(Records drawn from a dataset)
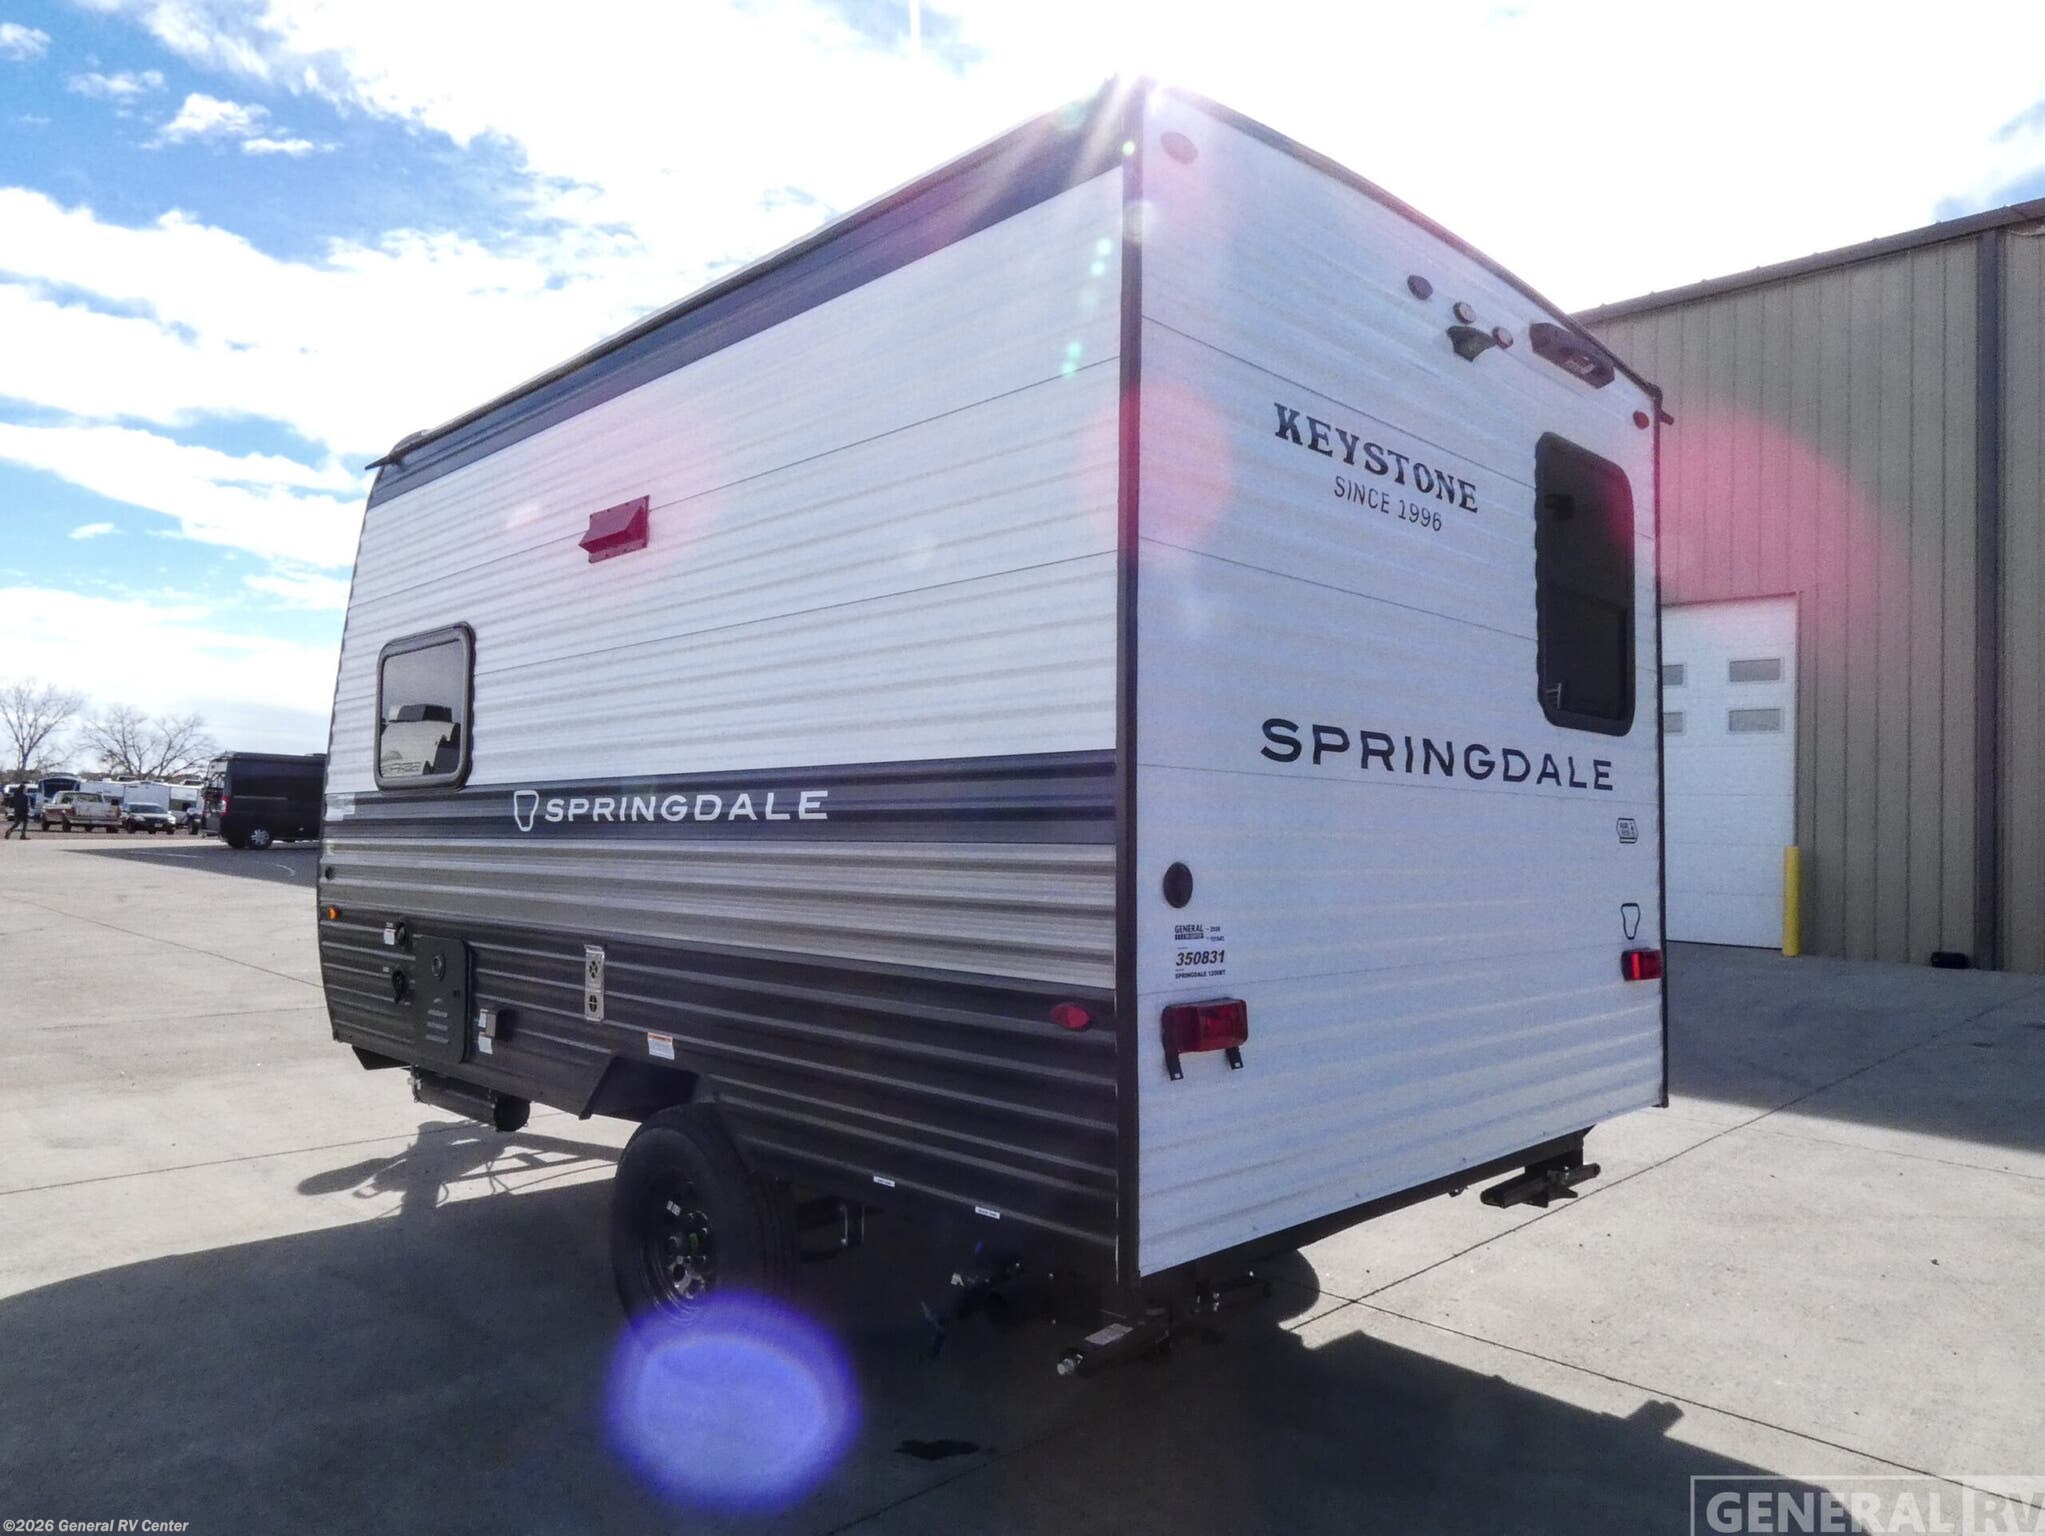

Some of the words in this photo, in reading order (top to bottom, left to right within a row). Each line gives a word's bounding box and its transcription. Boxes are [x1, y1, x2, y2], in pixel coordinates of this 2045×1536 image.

[1274, 402, 1478, 513] KEYSTONE
[1334, 475, 1390, 514] SINCE
[1398, 499, 1442, 532] 1996
[1260, 718, 1614, 791] SPRINGDALE
[544, 790, 828, 822] SPRINGDALE
[1174, 924, 1203, 933] GENERAL
[1176, 950, 1225, 966] 350831
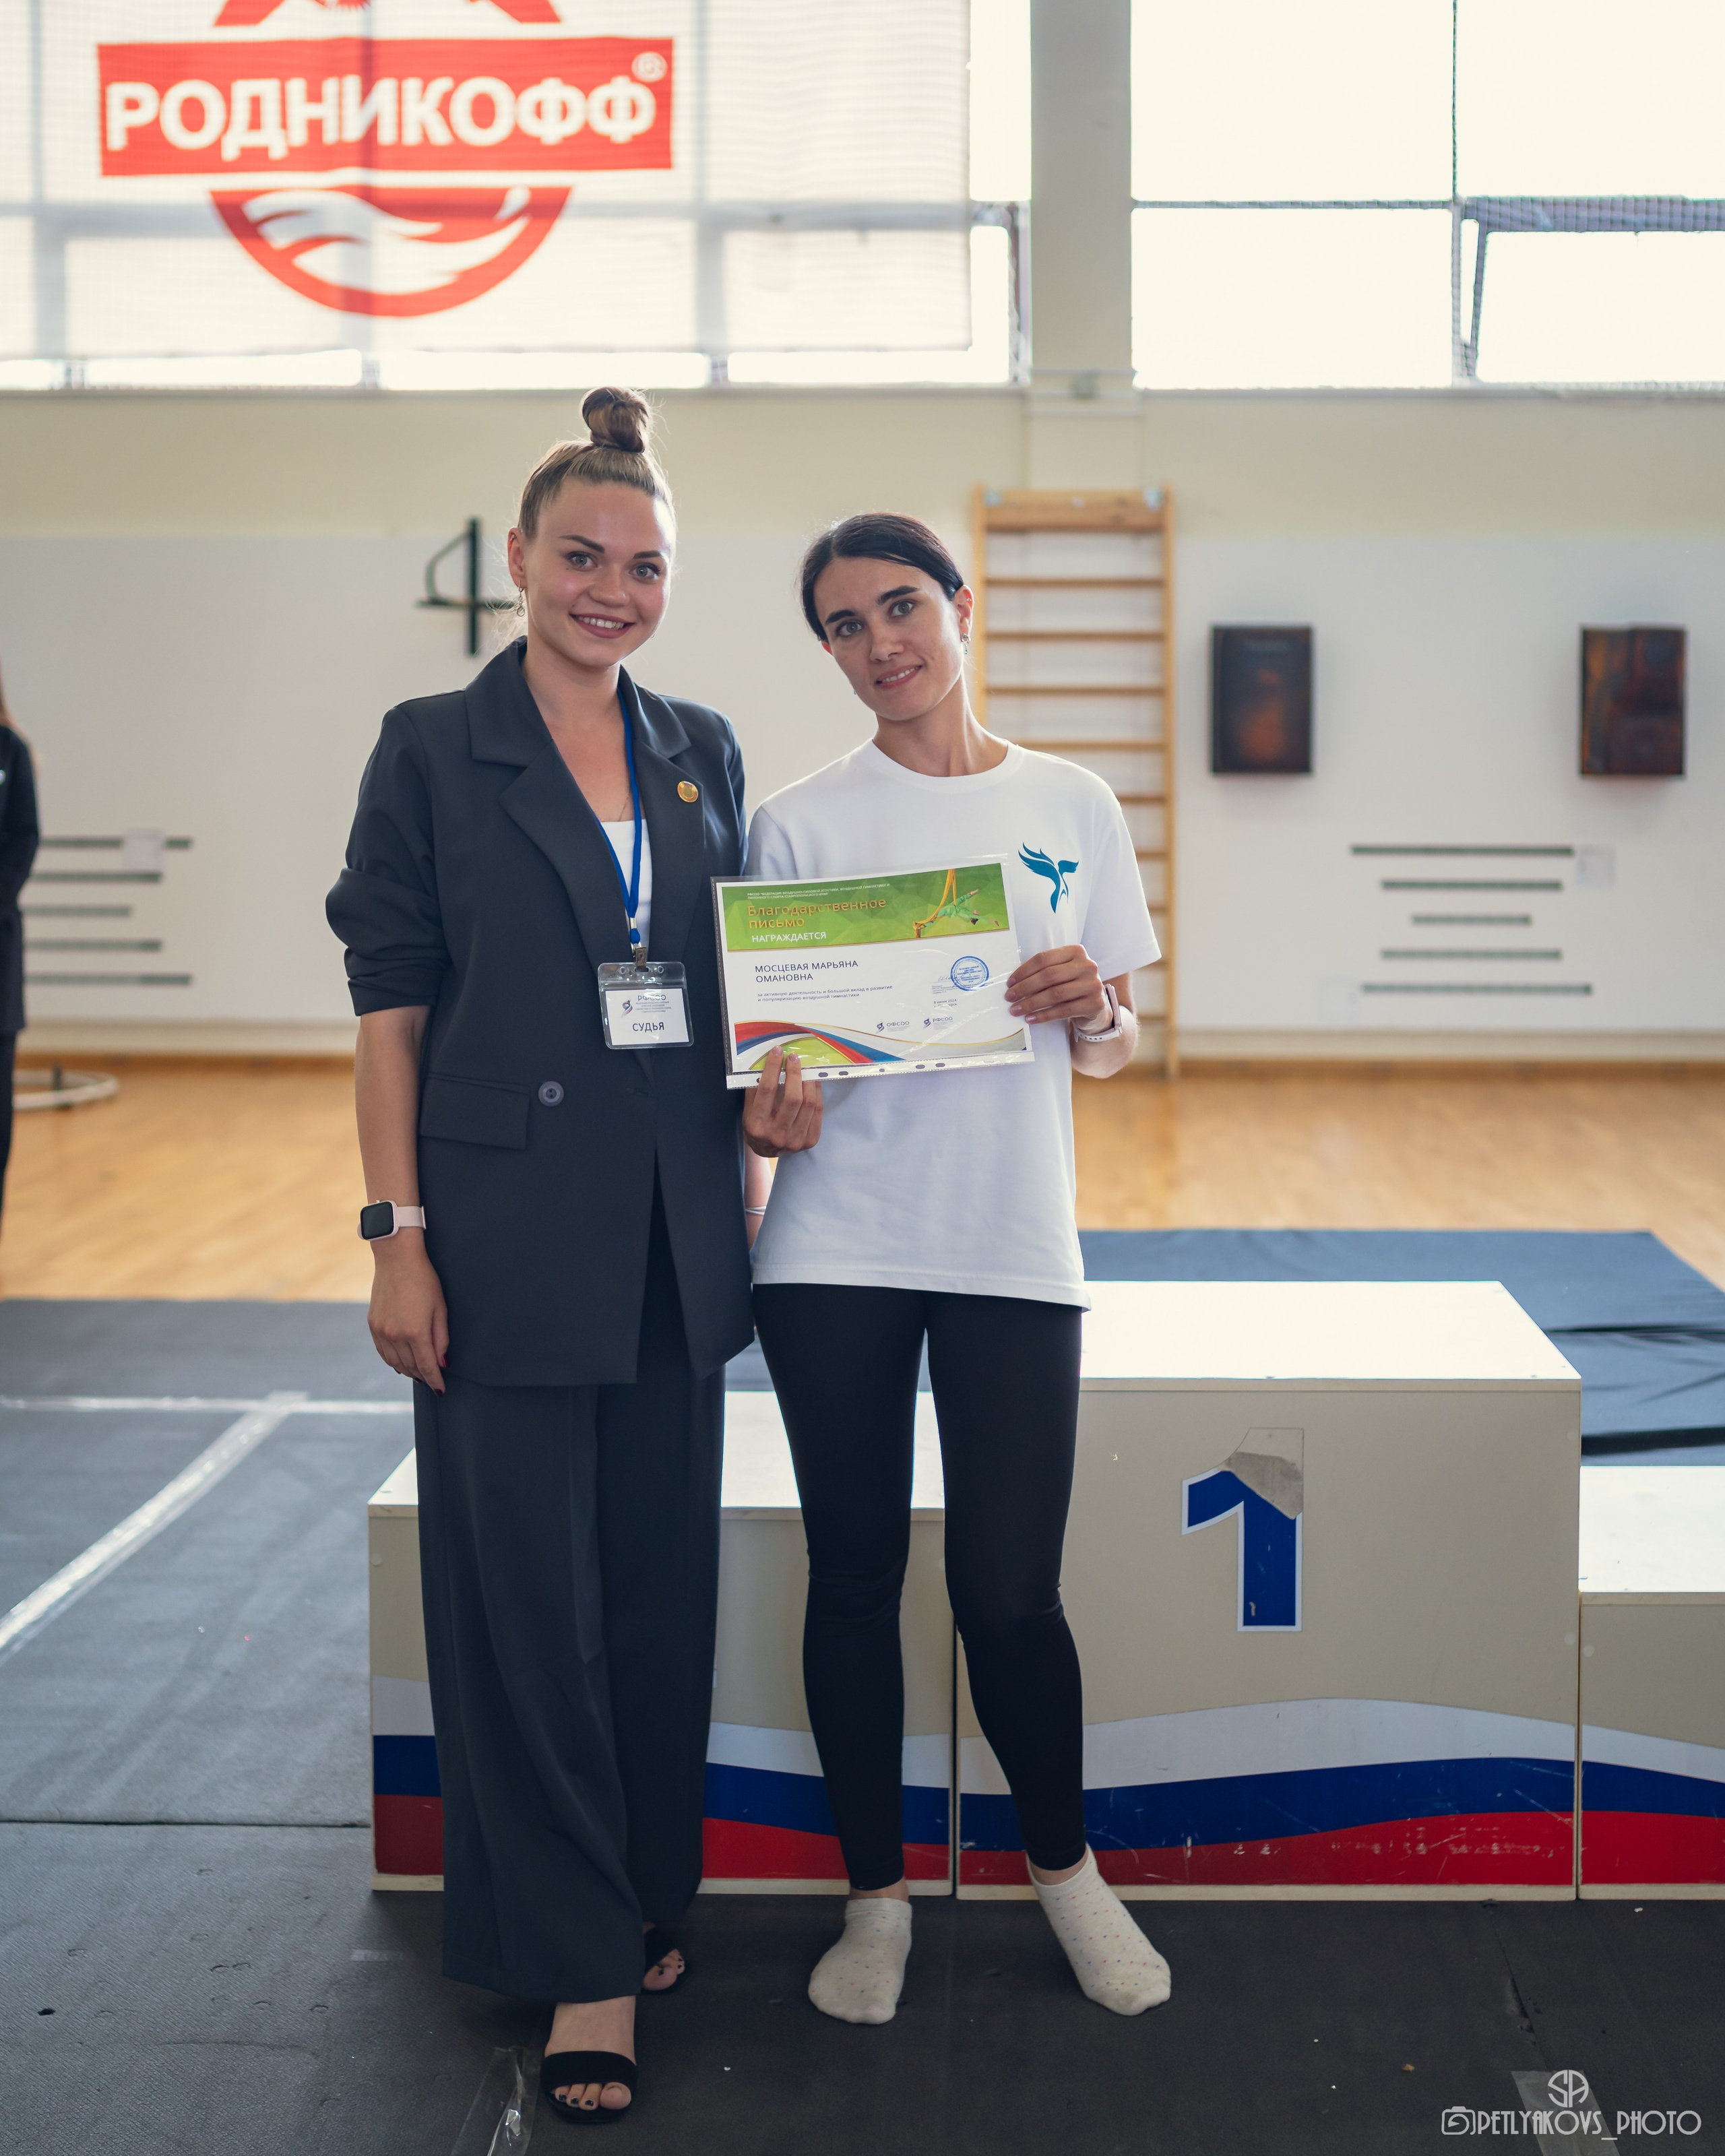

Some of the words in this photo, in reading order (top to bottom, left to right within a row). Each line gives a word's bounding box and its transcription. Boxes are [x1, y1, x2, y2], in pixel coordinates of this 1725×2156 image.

[105, 75, 656, 161] РОДНИКОФФ
[747, 899, 887, 916] Благодарственное
[749, 917, 805, 930] письмо
[751, 931, 827, 943] НАГРАЖДАЕТСЯ
[755, 963, 809, 973] МОСЦЕВАЯ
[811, 960, 858, 970] МАРЬЯНА
[755, 974, 813, 983] ОМАНОВНА
[632, 1021, 664, 1033] СУДЬЯ
[1181, 1466, 1303, 1632] 1

Exercise prompt: An exact copy of the lines from the one containing "this 1725×2156 image." through the end of the data above is the whole answer.

Response:
Some of the words in this photo, in reading order (top to bottom, left to right within a row). Each line gives a word's bounding box and its transcription. Boxes are [x1, y1, x2, y2], in pixel coordinates of this 1725×2156 image.

[105, 75, 656, 161] РОДНИКОФФ
[747, 899, 887, 916] Благодарственное
[749, 917, 805, 930] письмо
[751, 931, 827, 943] НАГРАЖДАЕТСЯ
[755, 963, 809, 973] МОСЦЕВАЯ
[811, 960, 858, 970] МАРЬЯНА
[755, 974, 813, 983] ОМАНОВНА
[632, 1021, 664, 1033] СУДЬЯ
[1181, 1466, 1303, 1632] 1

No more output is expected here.